# [Task objective]
Exact transcription of the following records is needed, with every picture dropped.

# [Data shown]
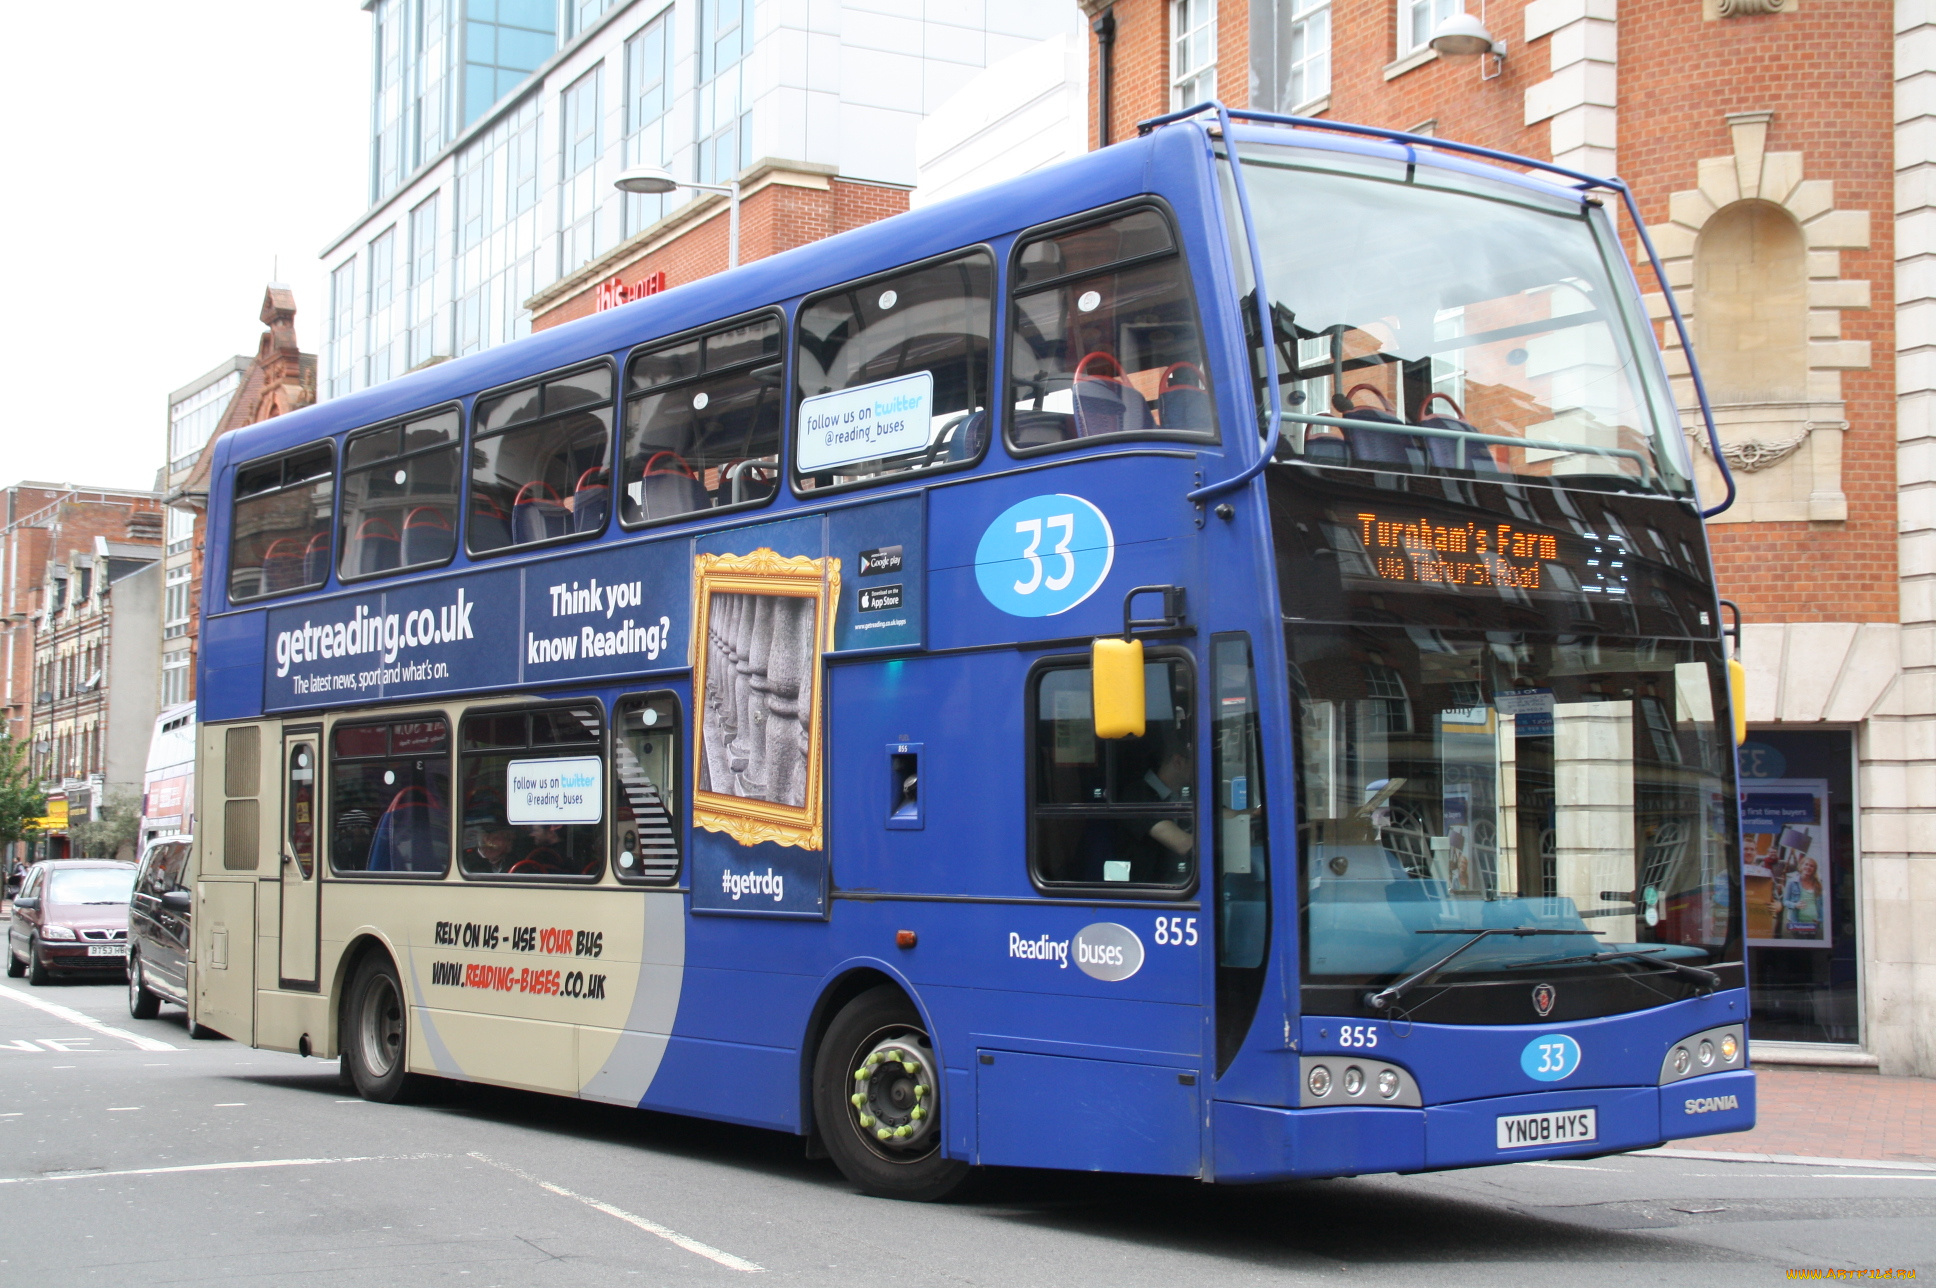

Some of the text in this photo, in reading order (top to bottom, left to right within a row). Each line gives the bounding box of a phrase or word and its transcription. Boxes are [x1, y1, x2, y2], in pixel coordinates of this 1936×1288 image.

[596, 277, 623, 312] ibis
[807, 395, 923, 435] follow us on twitter
[825, 420, 904, 446] @reading_buses
[1358, 513, 1556, 559] Turnham's Farm
[870, 556, 889, 569] Google
[890, 555, 901, 566] play
[1013, 513, 1075, 595] 33
[1378, 551, 1404, 579] via
[1496, 559, 1539, 588] Road
[550, 578, 642, 619] Think you
[871, 596, 899, 609] App Store
[276, 587, 475, 677] getreading.co.uk
[528, 616, 670, 664] know Reading?
[293, 659, 449, 694] The latest news, sport and what's on.
[513, 773, 595, 793] follow us on twitter
[527, 792, 583, 809] @reading_buses
[722, 868, 783, 902] #getrdg
[435, 921, 462, 945] RELY
[463, 922, 481, 948] ON
[483, 924, 499, 949] US
[512, 926, 537, 951] USE
[539, 927, 573, 954] YOUR
[575, 930, 603, 958] BUS
[1154, 916, 1198, 946] 855
[1009, 931, 1123, 969] Reading buses
[432, 960, 607, 1000] WWW.READING-BUSES.CO.UK
[1339, 1025, 1377, 1047] 855
[1537, 1043, 1564, 1073] 33
[1684, 1094, 1739, 1115] SCANIA
[1505, 1114, 1589, 1143] YN08 HYS
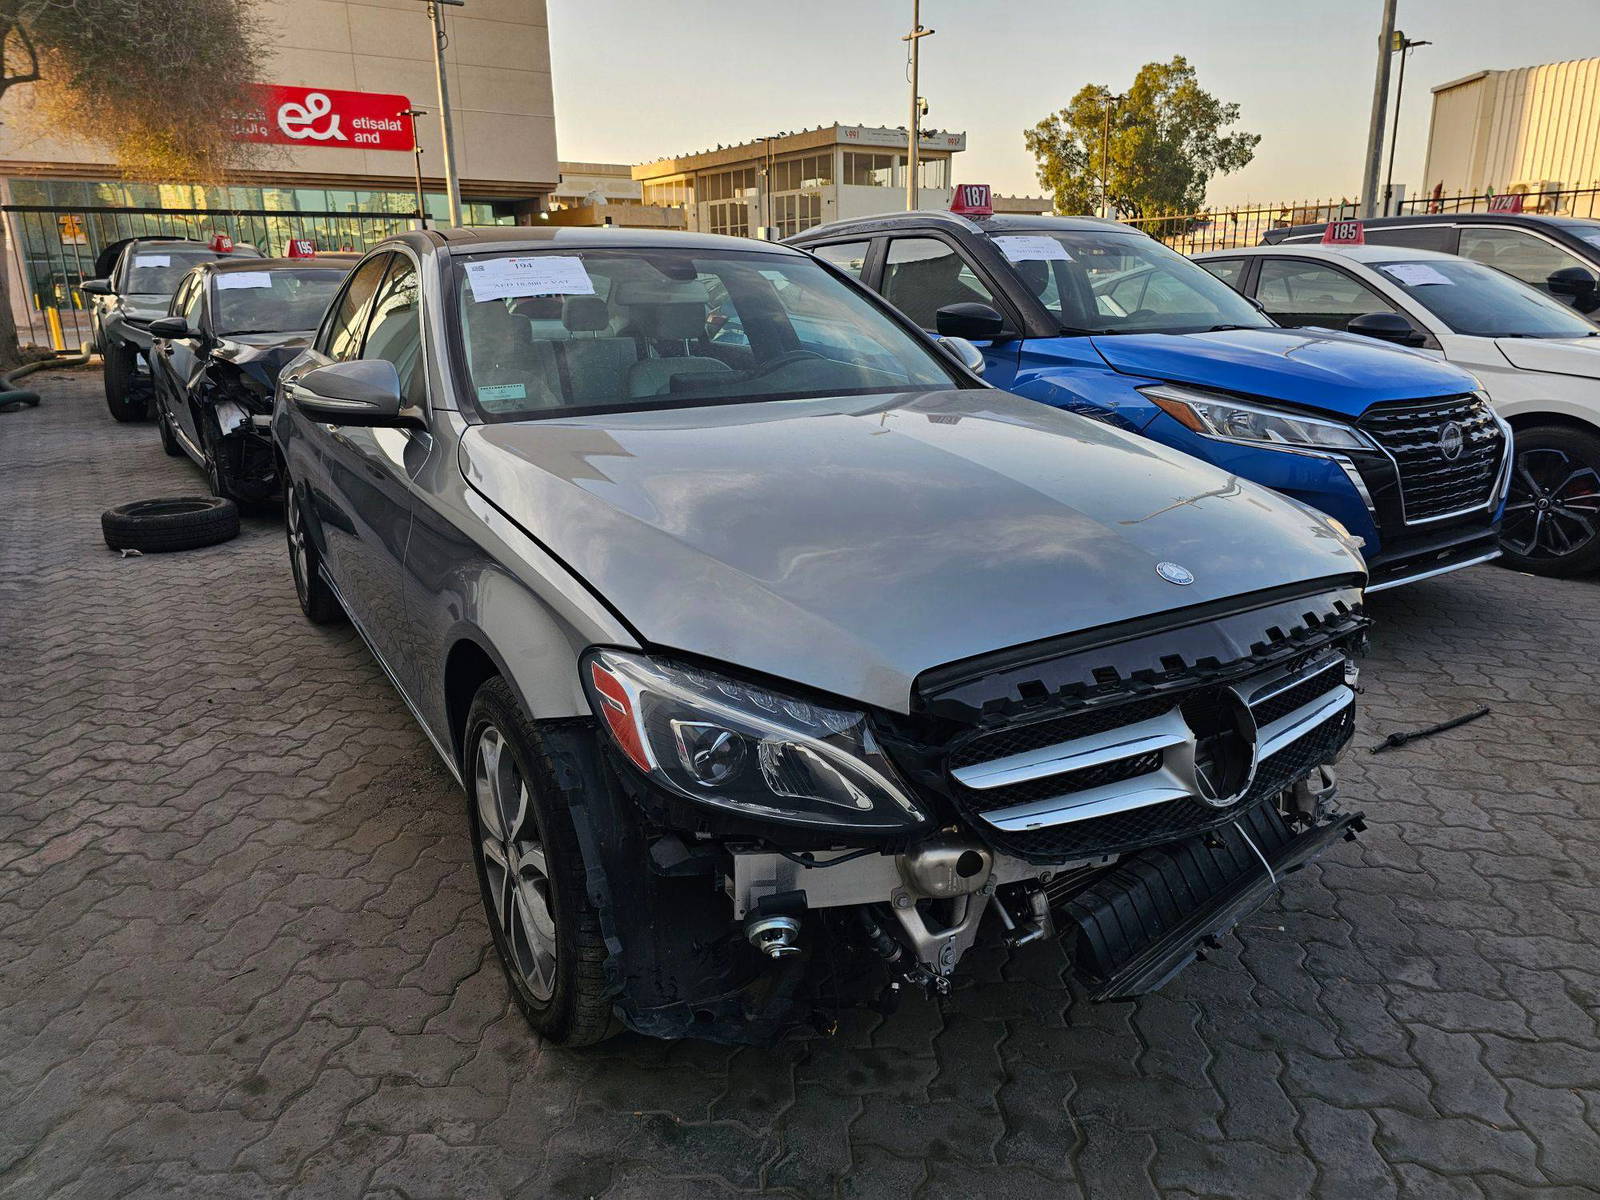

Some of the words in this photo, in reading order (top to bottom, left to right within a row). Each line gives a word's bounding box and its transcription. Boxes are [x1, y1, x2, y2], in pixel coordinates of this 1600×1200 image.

[352, 118, 403, 132] etisalat
[354, 131, 381, 144] and
[965, 186, 987, 207] 187
[1494, 195, 1514, 210] 174
[1333, 223, 1357, 240] 185
[297, 240, 313, 255] 195
[514, 262, 533, 270] 194
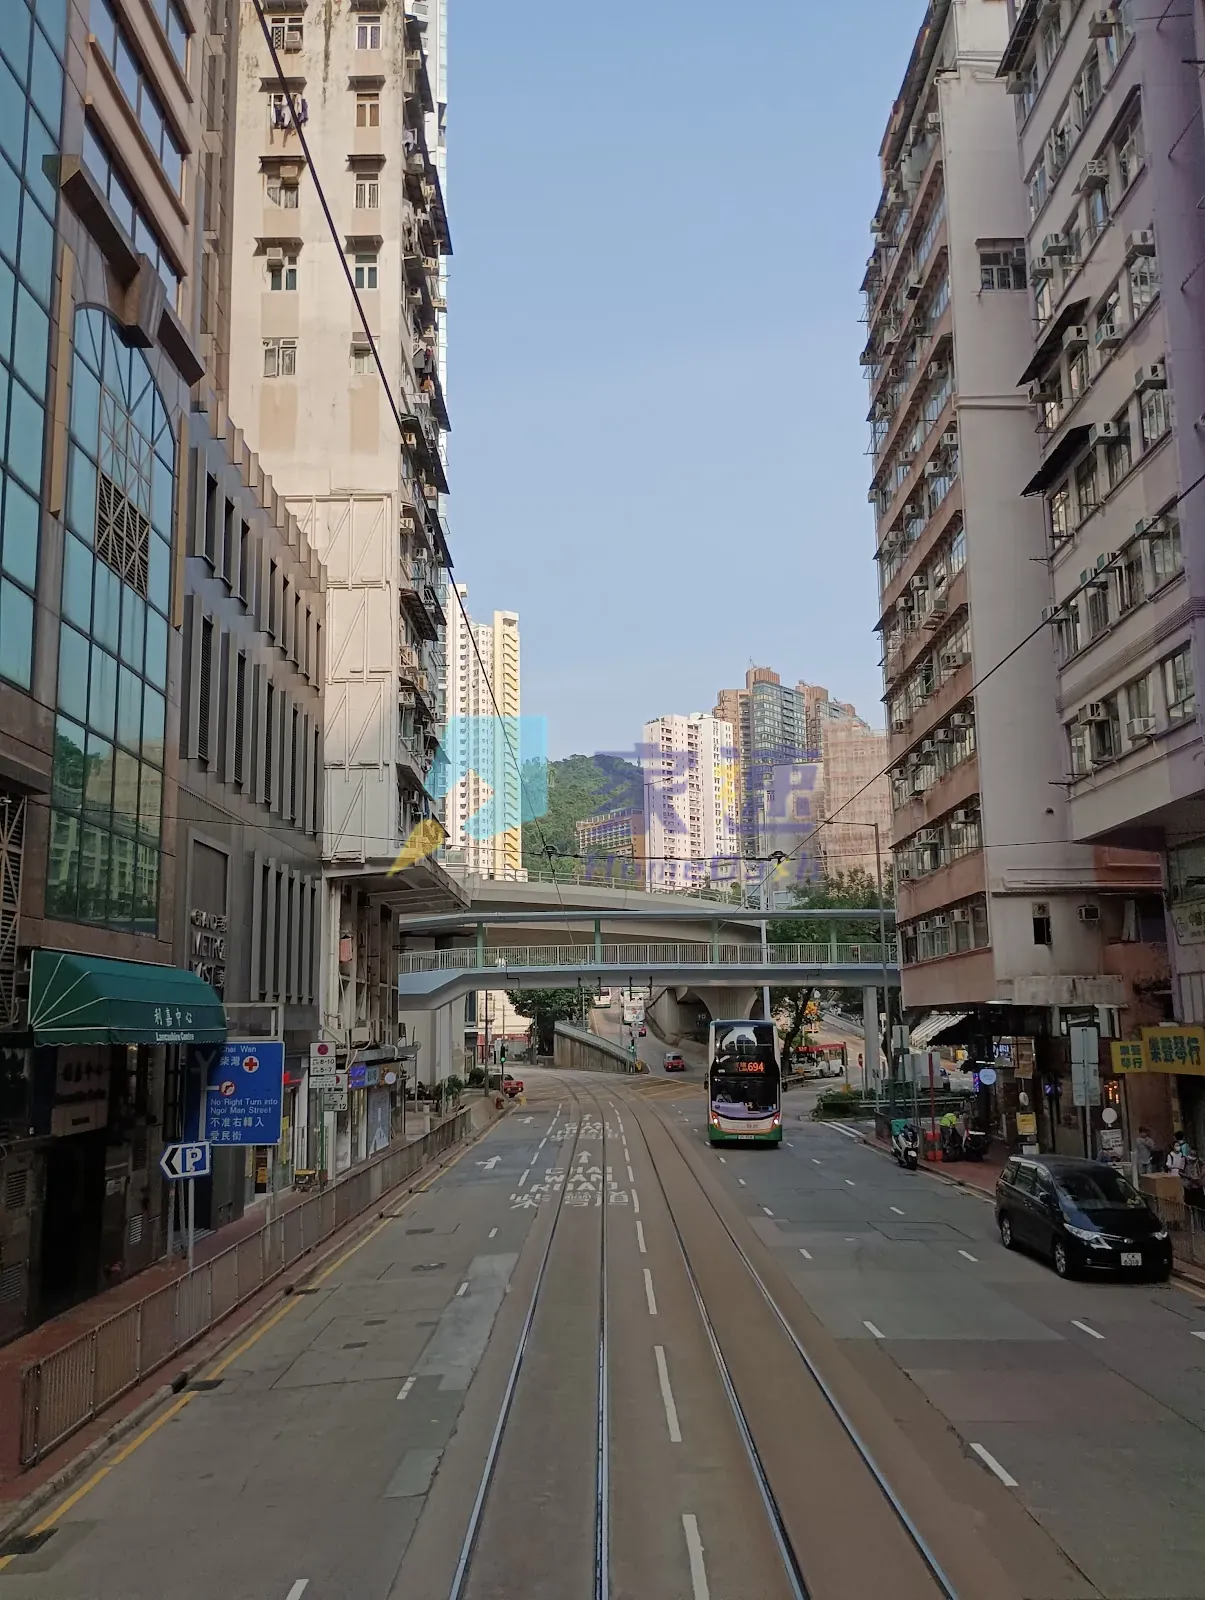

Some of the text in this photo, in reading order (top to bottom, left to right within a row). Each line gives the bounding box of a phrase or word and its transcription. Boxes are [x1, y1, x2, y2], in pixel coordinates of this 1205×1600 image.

[220, 1045, 257, 1053] Chai Wan
[219, 1055, 241, 1067] 柴灣
[747, 1062, 765, 1072] 694
[210, 1098, 221, 1106] No
[224, 1098, 243, 1107] Right
[210, 1107, 227, 1115] Ngoi
[248, 1106, 272, 1114] Street
[210, 1130, 242, 1141] 愛民街
[186, 1148, 203, 1172] P
[545, 1166, 613, 1174] CHAI
[544, 1173, 613, 1182] WAN
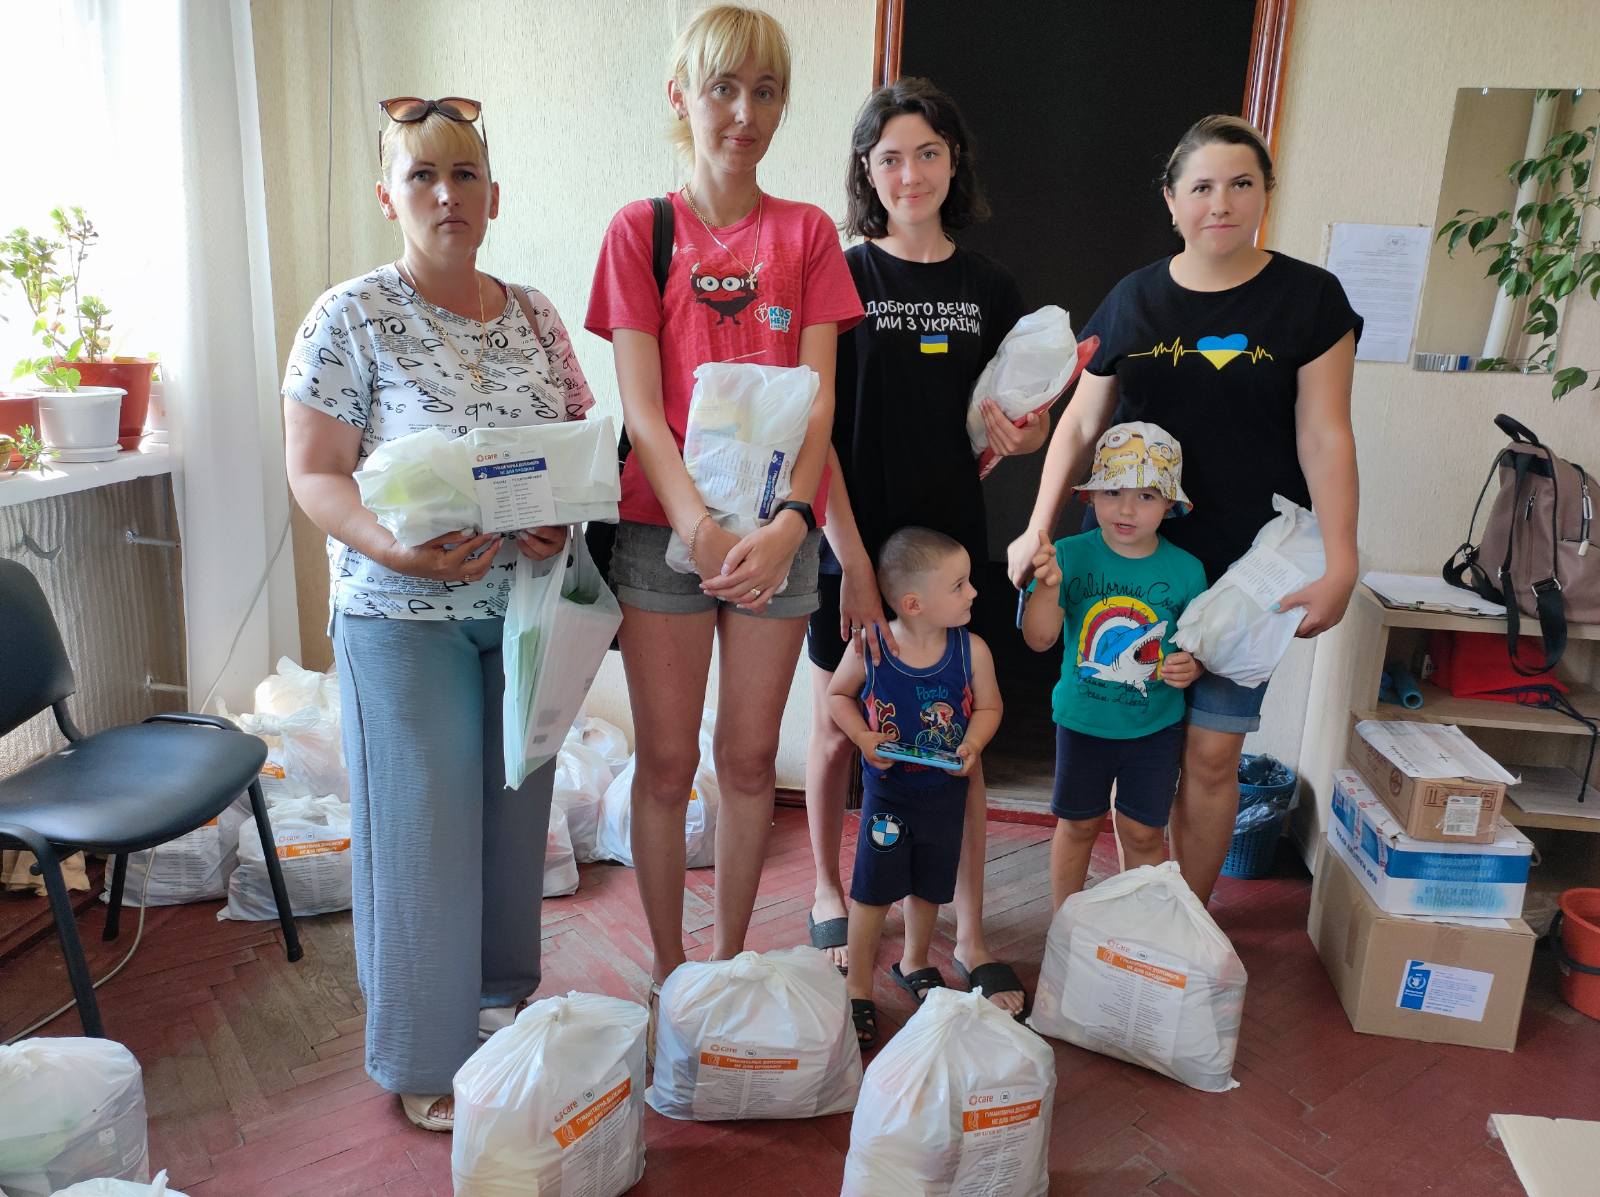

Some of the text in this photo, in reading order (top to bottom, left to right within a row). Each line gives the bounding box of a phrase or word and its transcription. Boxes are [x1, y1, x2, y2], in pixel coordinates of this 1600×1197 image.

# [Written answer]
Some of the text in this photo, in reading order (top to bottom, left to right within a row). Each line gives the bounding box of a phrase or word and its transcription. Boxes are [x1, y1, x2, y2], in pixel coordinates of this 1936×1288 image.

[596, 277, 623, 312] ibis
[807, 395, 923, 435] follow us on twitter
[825, 420, 904, 446] @reading_buses
[1358, 513, 1556, 559] Turnham's Farm
[870, 556, 889, 569] Google
[890, 555, 901, 566] play
[1013, 513, 1075, 595] 33
[1378, 551, 1404, 579] via
[1496, 559, 1539, 588] Road
[550, 578, 642, 619] Think you
[871, 596, 899, 609] App Store
[276, 587, 475, 677] getreading.co.uk
[528, 616, 670, 664] know Reading?
[293, 659, 449, 694] The latest news, sport and what's on.
[513, 773, 595, 793] follow us on twitter
[527, 792, 583, 809] @reading_buses
[722, 868, 783, 902] #getrdg
[435, 921, 462, 945] RELY
[463, 922, 481, 948] ON
[483, 924, 499, 949] US
[512, 926, 537, 951] USE
[539, 927, 573, 954] YOUR
[575, 930, 603, 958] BUS
[1154, 916, 1198, 946] 855
[1009, 931, 1123, 969] Reading buses
[432, 960, 607, 1000] WWW.READING-BUSES.CO.UK
[1339, 1025, 1377, 1047] 855
[1537, 1043, 1564, 1073] 33
[1684, 1094, 1739, 1115] SCANIA
[1505, 1114, 1589, 1143] YN08 HYS

Some of the words in this photo, in reading order (top to bottom, left to right within a row). Each line gives a word's bounding box and its transcription. Boxes are [x1, y1, x2, y2], in pixel coordinates of this 1600×1200 image.

[352, 118, 403, 132] etisalat
[354, 131, 381, 144] and
[965, 186, 987, 207] 187
[1494, 195, 1514, 210] 174
[1333, 223, 1357, 240] 185
[297, 240, 313, 255] 195
[514, 262, 533, 270] 194

Some of the text in this photo, in reading order (top to bottom, left to right within a row). Each line gives the bounding box of a phrase or word and its transcription. Boxes are [x1, y1, x2, y2], in pixel coordinates of this 1205×1600 image.

[220, 1045, 257, 1053] Chai Wan
[219, 1055, 241, 1067] 柴灣
[747, 1062, 765, 1072] 694
[210, 1098, 221, 1106] No
[224, 1098, 243, 1107] Right
[210, 1107, 227, 1115] Ngoi
[248, 1106, 272, 1114] Street
[210, 1130, 242, 1141] 愛民街
[186, 1148, 203, 1172] P
[545, 1166, 613, 1174] CHAI
[544, 1173, 613, 1182] WAN

Some of the text in this photo, in reading order (top to bottom, left to right within a row). Each line gives the bounding box of a phrase or word and its transcription. Boxes are [x1, y1, x2, y2], in pixel coordinates of this 1600×1197 image.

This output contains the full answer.